Like magnesium fluoride it is used as a low-index optical thin film, particularly when far UV transparency is required. Its deposition by physical vapor deposition, particularly by evaporation, is favorable.
The reported oral animal lethal dose (LD50) of aluminum fluoride is 0.1 g/kg. Repeated or prolonged inhalation exposure may cause asthma, and may have effects on the bone and nervous system, resulting in bone alterations (fluorosis), and nervous system impairment.
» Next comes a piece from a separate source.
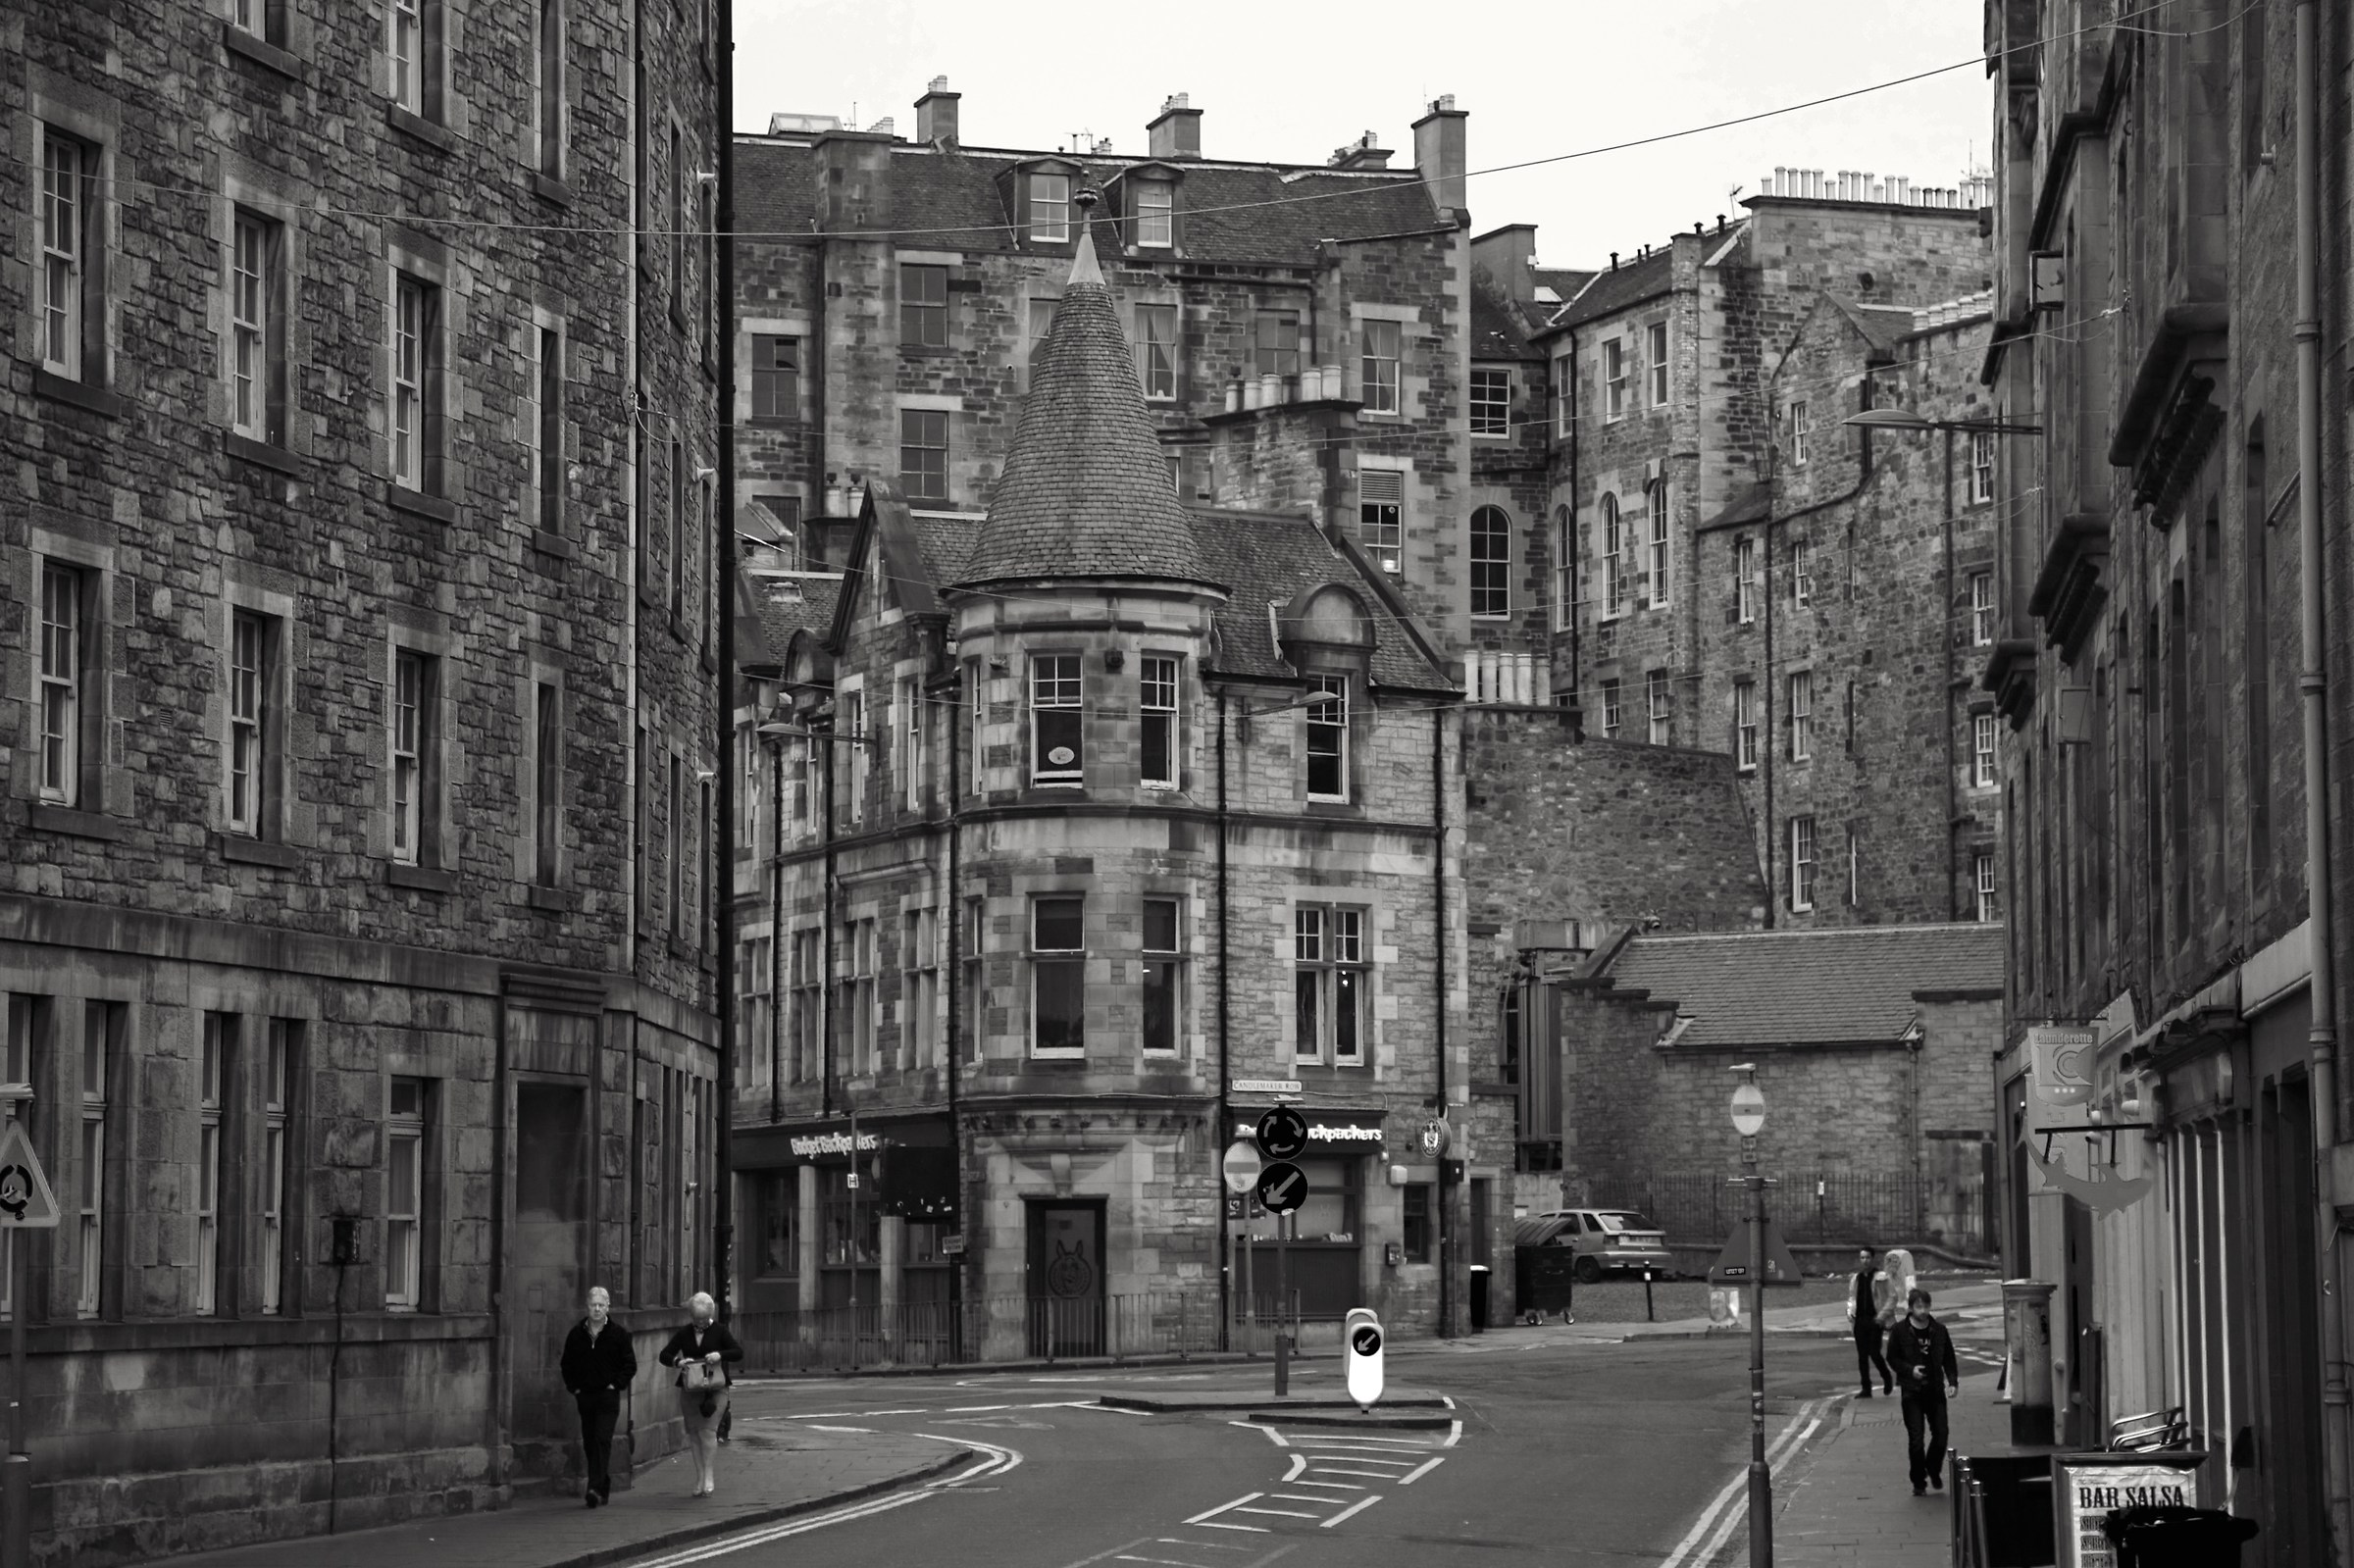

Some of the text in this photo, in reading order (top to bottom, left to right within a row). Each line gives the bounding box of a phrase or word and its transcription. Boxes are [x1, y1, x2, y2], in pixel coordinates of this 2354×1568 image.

[1233, 1082, 1283, 1090] CANDLEMAKER
[2079, 1486, 2184, 1509] BAR SALSA
Many of the neurotoxic effects of fluoride are due to the formation of aluminum fluoride complexes, which mimic the chemical structure of a phosphate and influence the activity of ATP phosphohydrolases and phospholipase D. Only micromolar concentrations of aluminum are needed to form aluminum fluoride.
Human exposure to aluminum fluoride can occur in an industrial setting, such as emissions from aluminum reduction processes, or when a person ingests both a fluoride source (e.g., fluoride in drinking water or residue of fluoride-based pesticides) and an aluminum source; sources of human exposure to aluminum include drinking water, tea, food residues, infant formula, aluminum-containing antacids or medications, deodorants, cosmetics, and glassware. Fluoridation chemicals may also contain aluminum fluoride. Data on the potential neurotoxic effects of chronic exposure to the aluminum species existing in water are limited.